• DESCRIPTION OF THE TASK: Output the data below exactly, without images.

[Stored dataset items]
· · · · · · ·

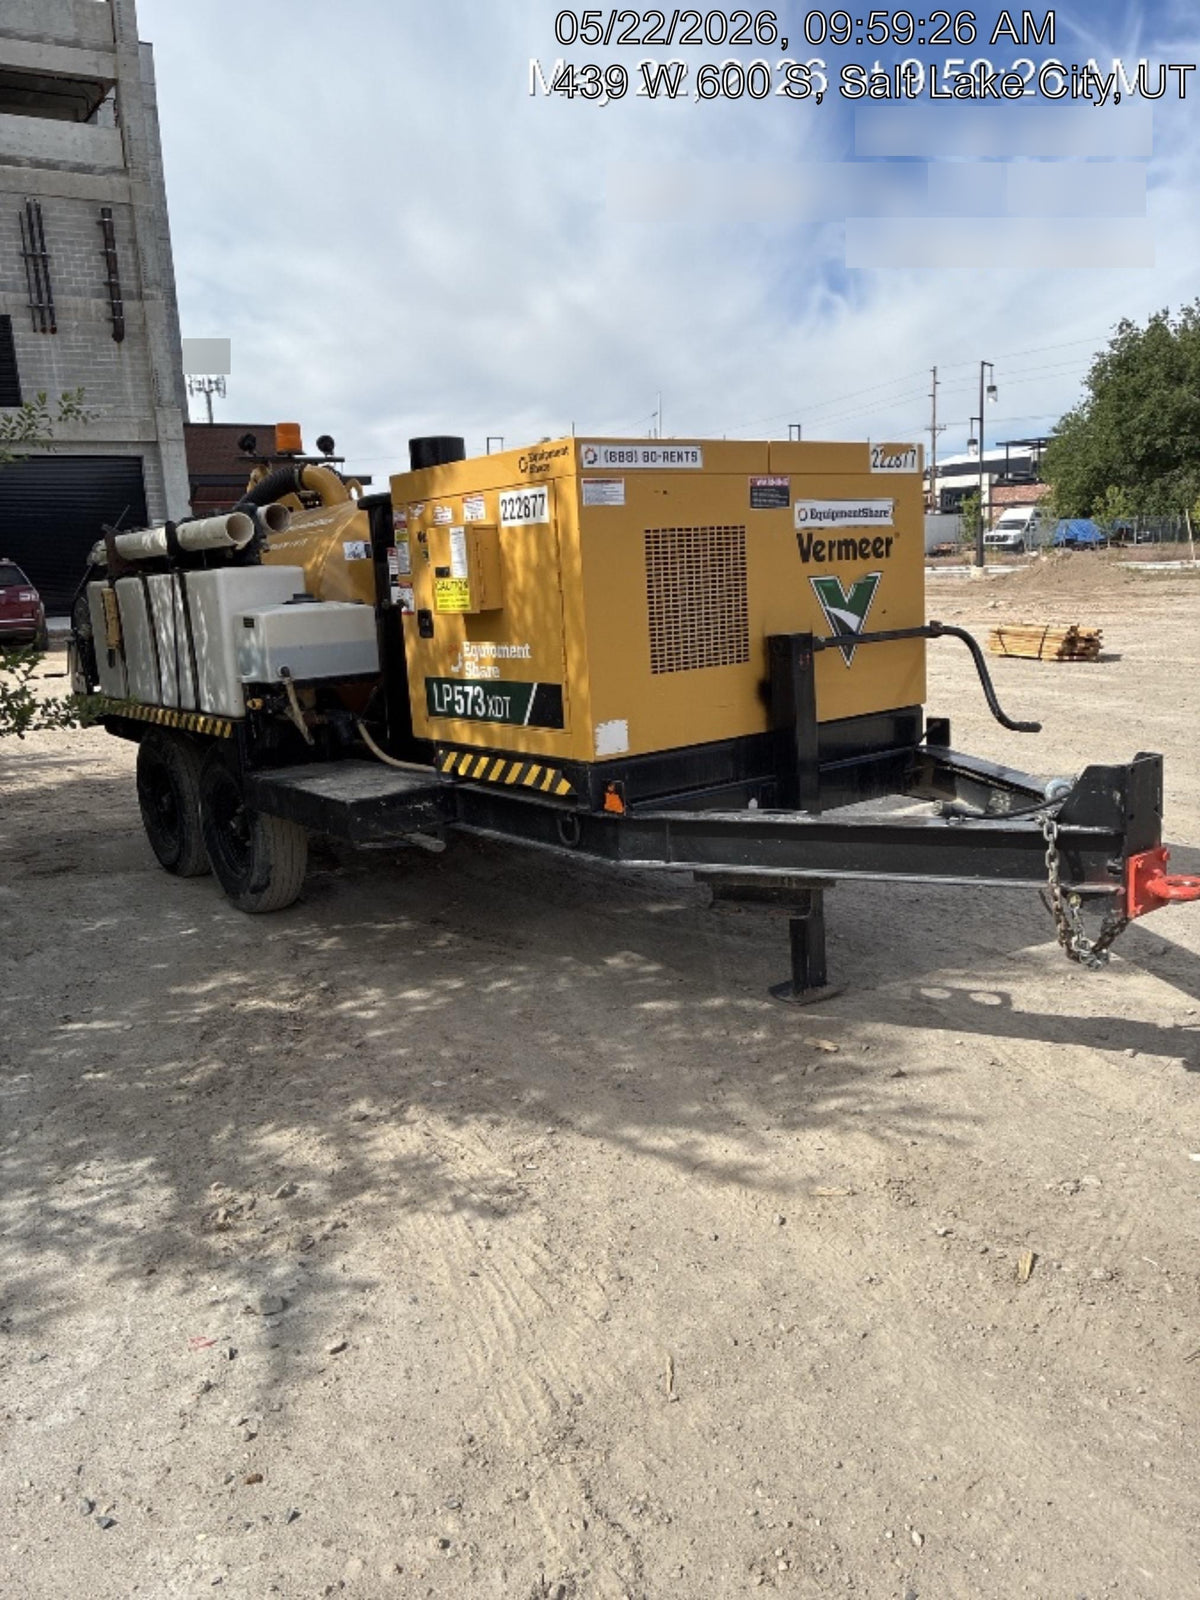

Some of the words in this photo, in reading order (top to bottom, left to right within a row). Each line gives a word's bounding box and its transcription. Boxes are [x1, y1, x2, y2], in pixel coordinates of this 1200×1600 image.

[501, 494, 546, 521] 222877
[796, 532, 894, 564] Vermeer
[462, 641, 532, 662] Equipment
[464, 661, 500, 679] Share

· · · · · · ·

• OUTPUT:
Some of the words in this photo, in reading order (top to bottom, left to right within a row). Each line gives a word's bounding box and its transcription. Boxes are [x1, y1, x2, y2], in pixel coordinates of this 1200×1600 image.

[501, 494, 546, 521] 222877
[796, 532, 894, 564] Vermeer
[462, 641, 532, 662] Equipment
[464, 661, 500, 679] Share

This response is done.